CB-PyC adducts were characterized via the TGA technique, to evaluate the mass loss of the finale functionalized powder obtained after Soxhlet. In that way, the amount of PyC in the adduct is also calculated.

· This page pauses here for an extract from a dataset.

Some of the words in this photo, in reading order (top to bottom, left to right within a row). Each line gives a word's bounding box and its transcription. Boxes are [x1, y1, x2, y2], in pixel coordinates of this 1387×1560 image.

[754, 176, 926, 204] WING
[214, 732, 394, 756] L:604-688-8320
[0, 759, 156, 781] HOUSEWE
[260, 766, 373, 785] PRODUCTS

2.5.1. Thermogravimetric Analysis (TGA)

A Mettler TGA SDTA/851 (Mettler Toledo, Columbus, OH, USA) was the TGA instrument. The method was the standard ISO9924-1 [54]: 5–10 mg of either CB or CB/PyC adduct experienced a heating ramp (10 °C/min) from 30 up to 300 °C, then an isotherm at 300 °C for 10 min, then a heating ramp (20 °C/min) up to 550 °C, an isotherm at 550 °C (15 min) and finally a heating ramp (10 °C/min) up to 900 °C. This temperature was kept constant until the end of the experiment. The gas in the chamber was switched from N₂ to air, after 102.5 min from the beginning of the test. Duration of the experiment was 120 min.

2.5.2. Amount of PyC in the CB/PyC Adduct (in Phc)

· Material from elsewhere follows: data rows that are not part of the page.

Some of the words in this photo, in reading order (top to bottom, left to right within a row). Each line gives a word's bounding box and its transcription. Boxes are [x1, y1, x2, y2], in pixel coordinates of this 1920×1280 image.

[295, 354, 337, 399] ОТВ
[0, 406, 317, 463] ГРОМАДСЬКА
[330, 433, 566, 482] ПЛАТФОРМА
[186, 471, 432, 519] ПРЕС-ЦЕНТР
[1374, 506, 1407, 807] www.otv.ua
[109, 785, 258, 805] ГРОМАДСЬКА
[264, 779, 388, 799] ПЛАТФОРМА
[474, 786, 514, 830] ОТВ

To calculate the amount of pyrrole compound in the adduct, expressed in parts per hundred carbon (phc), Equation (1) was used.

$$\mathrm{p}\mathrm{h}\mathrm{c}\left(\mathrm{i}\mathrm{n}\mathrm{s}\mathrm{t}\mathrm{r}\mathrm{u}\mathrm{m}\mathrm{e}\mathrm{n}\mathrm{t}\mathrm{a}\mathrm{l}\right)=\frac{{\mathrm{M}\mathrm{L}(\%) \mathrm{o}\mathrm{f} \mathrm{w}\mathrm{a}\mathrm{s}\mathrm{h}\mathrm{e}\mathrm{d} \mathrm{C}\mathrm{B}-\mathrm{P}\mathrm{y}\mathrm{C}}_{150<\mathrm{T}<900°\mathrm{C}}}{{\mathrm{M}\mathrm{L}\left(\%\right) \mathrm{o}\mathrm{f} \mathrm{w}\mathrm{a}\mathrm{s}\mathrm{h}\mathrm{e}\mathrm{d} \mathrm{C}\mathrm{B}-\mathrm{P}\mathrm{y}\mathrm{C}}_{\mathrm{T}>900°\mathrm{C}}}·100$$

(1)

where ${\mathrm{M}\mathrm{L}(\%) \mathrm{o}\mathrm{f} \mathrm{w}\mathrm{a}\mathrm{s}\mathrm{h}\mathrm{e}\mathrm{d} \mathrm{C}\mathrm{B}-\mathrm{P}\mathrm{y}\mathrm{C}}_{150<\mathrm{T}<900°\mathrm{C}}$ is the mass loss determined via TGA in the temperature range 150 < T < 900 °C, attributed to PyC in the washed CB-PyC adduct and ${\mathrm{M}\mathrm{L}\left(\%\right) \mathrm{o}\mathrm{f} \mathrm{w}\mathrm{a}\mathrm{s}\mathrm{h}\mathrm{e}\mathrm{d} \mathrm{C}\mathrm{B}-\mathrm{P}\mathrm{y}\mathrm{C}}_{\mathbf{T}>900°\mathrm{C}}$ is the mass loss of the washed CB-PyC adduct measured above 900 °C attributed to the carbonaceous substrate and to residues, if any.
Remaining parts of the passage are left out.